RECORDS FOR THIS TASK
▬▬▬▬▬▬▬▬▬▬
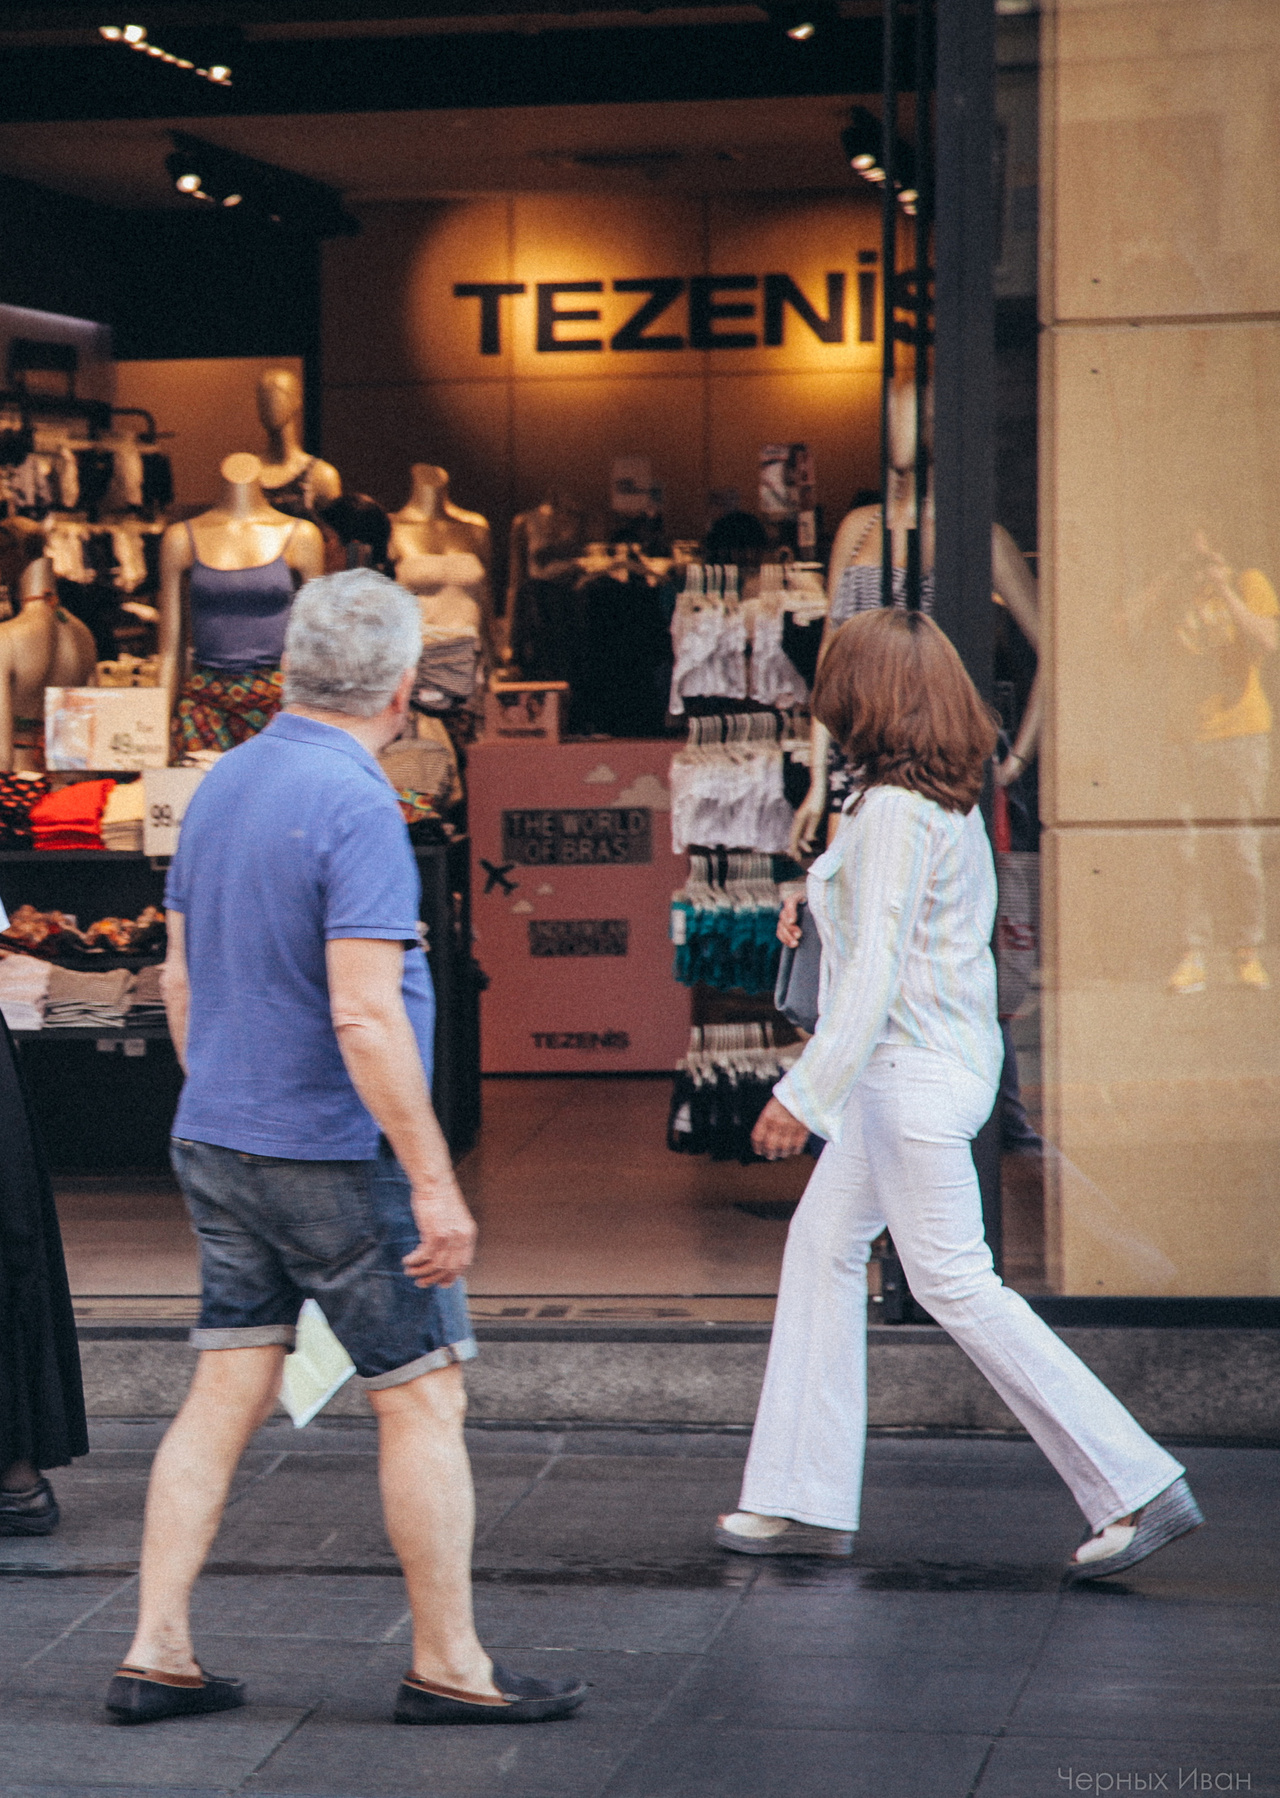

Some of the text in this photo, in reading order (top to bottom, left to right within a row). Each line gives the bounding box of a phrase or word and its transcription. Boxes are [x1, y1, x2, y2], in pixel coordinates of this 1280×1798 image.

[511, 811, 646, 836] THE WORLD
[525, 838, 628, 862] OF BRAS
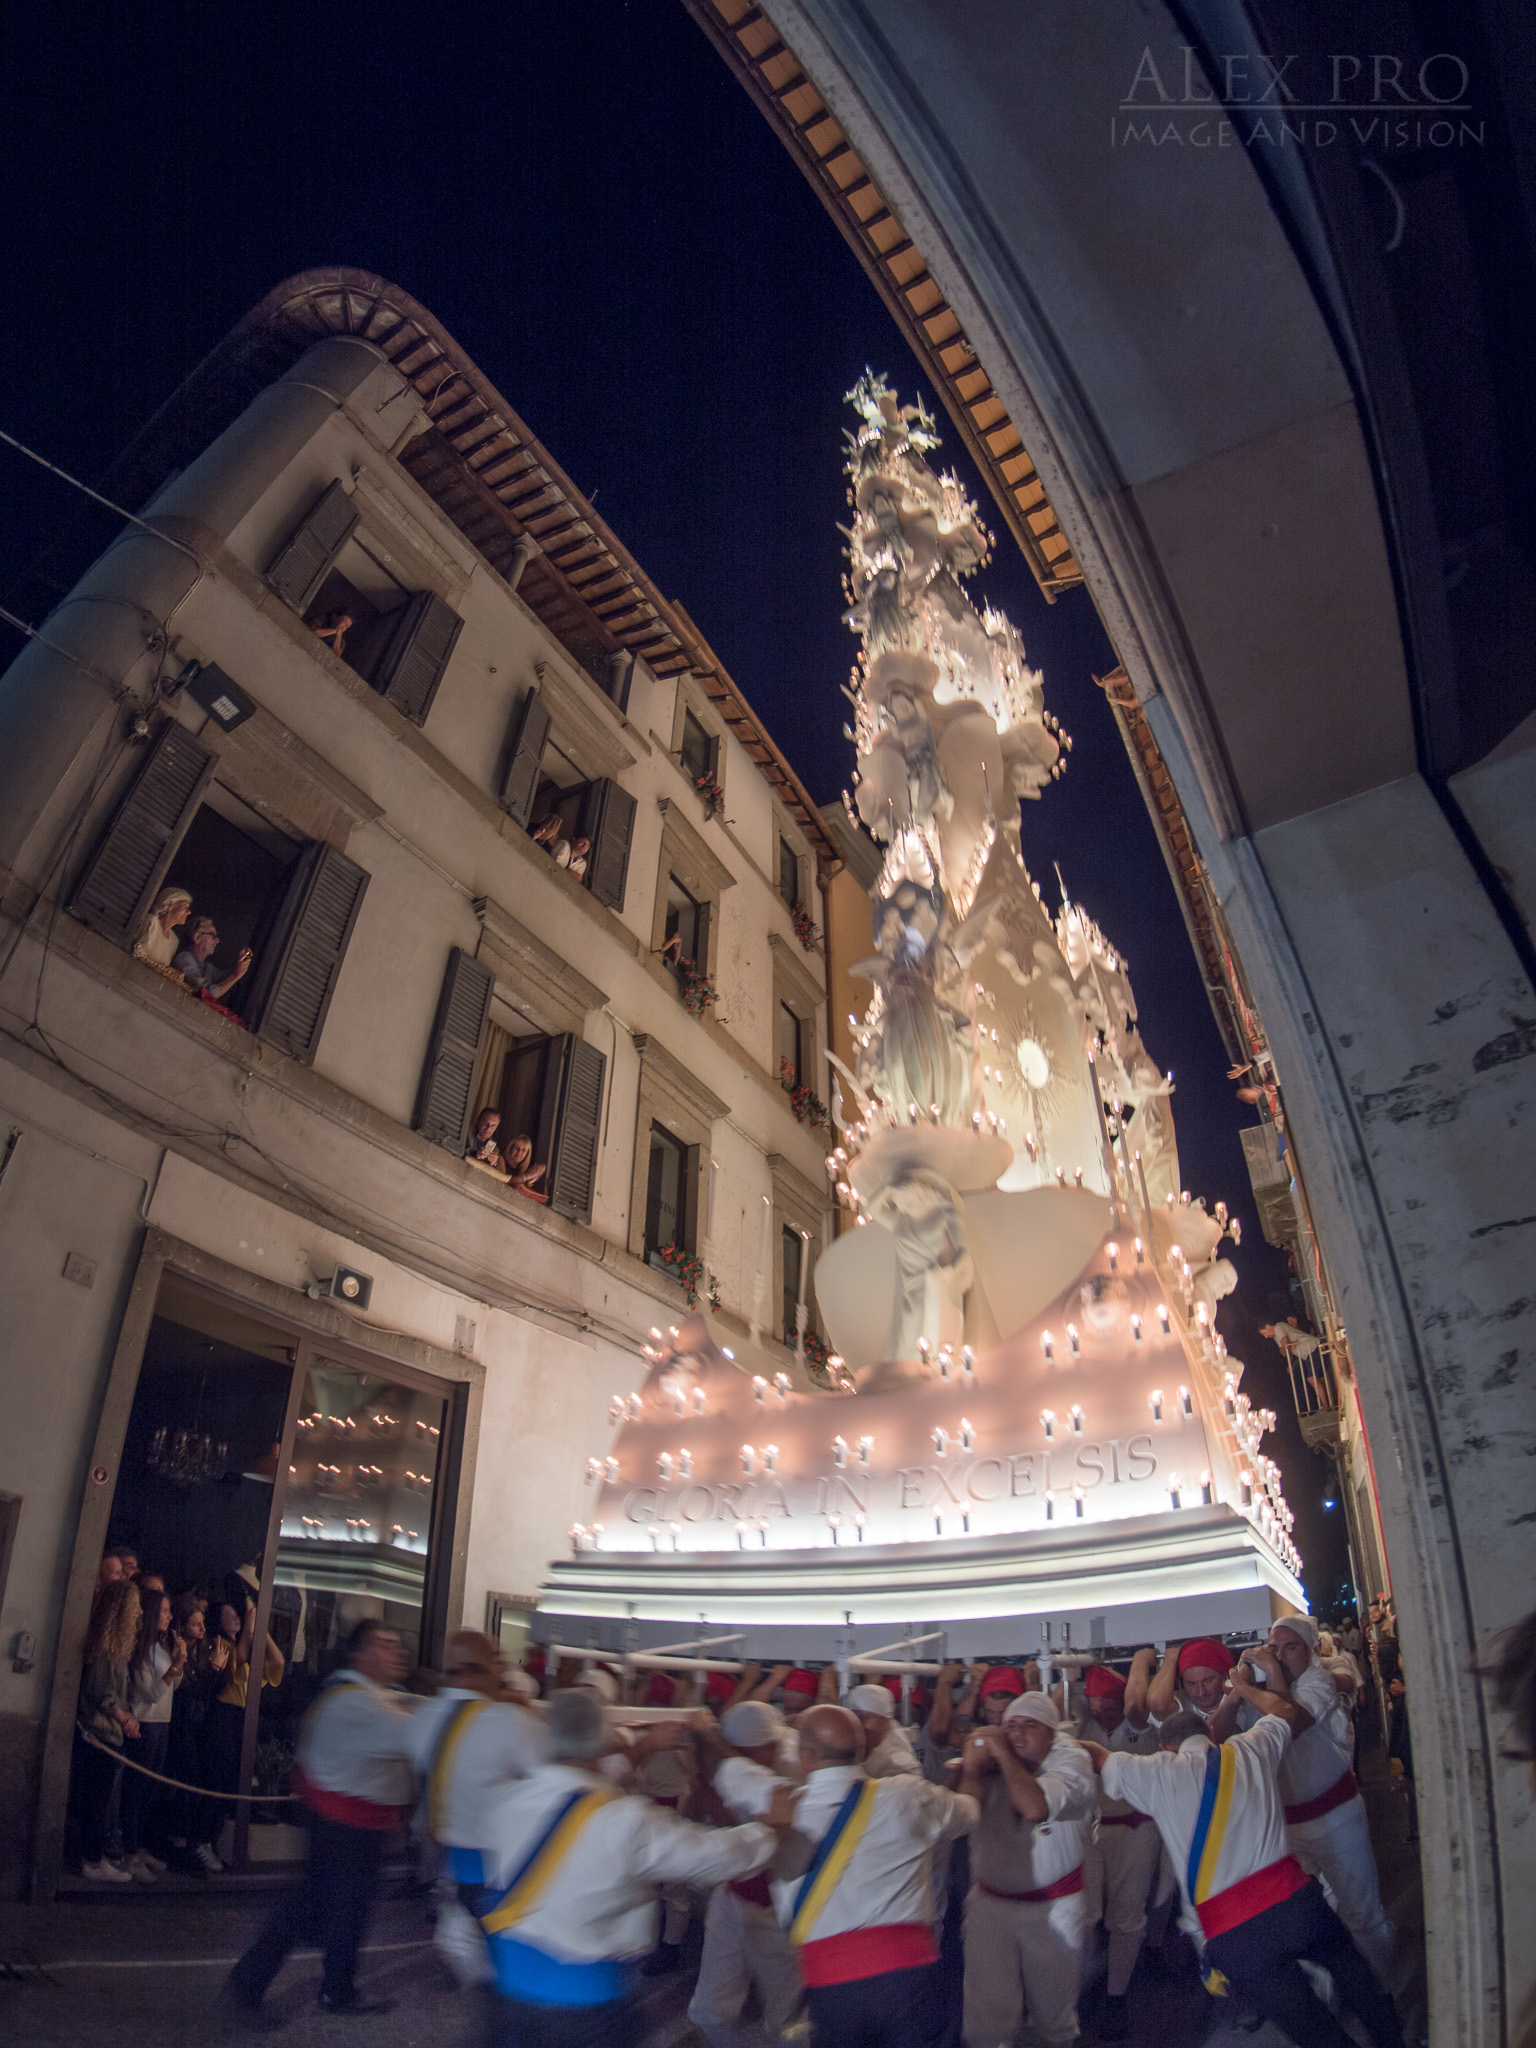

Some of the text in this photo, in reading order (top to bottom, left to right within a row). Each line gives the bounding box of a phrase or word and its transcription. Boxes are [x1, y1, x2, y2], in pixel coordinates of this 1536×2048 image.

[623, 1434, 1158, 1523] GLORIA IN EXCELSIS
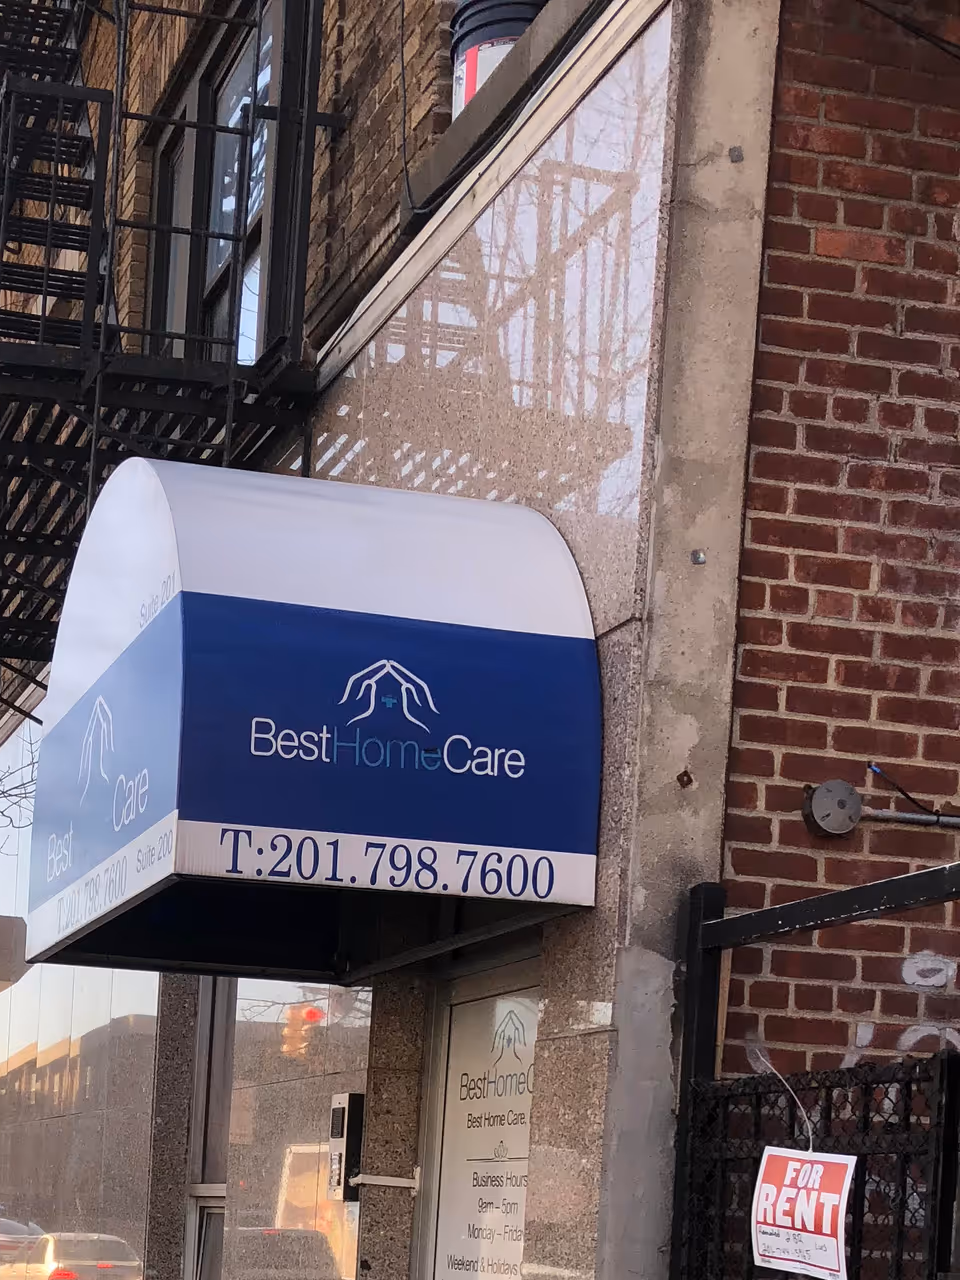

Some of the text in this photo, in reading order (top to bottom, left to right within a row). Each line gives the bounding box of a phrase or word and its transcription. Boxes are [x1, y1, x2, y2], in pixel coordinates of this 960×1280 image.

[139, 592, 159, 628] Suite
[136, 829, 173, 874] Suite 200
[220, 827, 555, 900] T:201.798.7600
[467, 1113, 482, 1129] Best
[484, 1112, 505, 1128] Home
[472, 1171, 528, 1188] Business Hours
[784, 1160, 824, 1189] FOR
[477, 1197, 494, 1214] 9am
[501, 1198, 518, 1215] 5pm
[757, 1183, 840, 1235] RENT
[468, 1223, 496, 1244] Monday
[447, 1254, 479, 1273] Weekend
[479, 1257, 486, 1273] &
[487, 1259, 518, 1279] Holidays
▬▬▬▬▬▬▬▬▬▬
PROMPT
Give the entries again, exactly and in full, with no image included.

SOLUTION FOR THIS EXERCISE
Some of the text in this photo, in reading order (top to bottom, left to right within a row). Each line gives the bounding box of a phrase or word and its transcription. Boxes are [x1, y1, x2, y2], in pixel coordinates of this 1280×1798 image.

[511, 811, 646, 836] THE WORLD
[525, 838, 628, 862] OF BRAS

Some of the text in this photo, in reading order (top to bottom, left to right within a row). Each line gives the bounding box of a phrase or word and its transcription. Boxes are [x1, y1, x2, y2], in pixel coordinates of this 1536×2048 image.

[623, 1434, 1158, 1523] GLORIA IN EXCELSIS

Some of the text in this photo, in reading order (top to bottom, left to right within a row). Each line gives the bounding box of a phrase or word and its transcription. Boxes are [x1, y1, x2, y2], in pixel coordinates of this 960×1280 image.

[139, 592, 159, 628] Suite
[136, 829, 173, 874] Suite 200
[220, 827, 555, 900] T:201.798.7600
[467, 1113, 482, 1129] Best
[484, 1112, 505, 1128] Home
[472, 1171, 528, 1188] Business Hours
[784, 1160, 824, 1189] FOR
[477, 1197, 494, 1214] 9am
[501, 1198, 518, 1215] 5pm
[757, 1183, 840, 1235] RENT
[468, 1223, 496, 1244] Monday
[447, 1254, 479, 1273] Weekend
[479, 1257, 486, 1273] &
[487, 1259, 518, 1279] Holidays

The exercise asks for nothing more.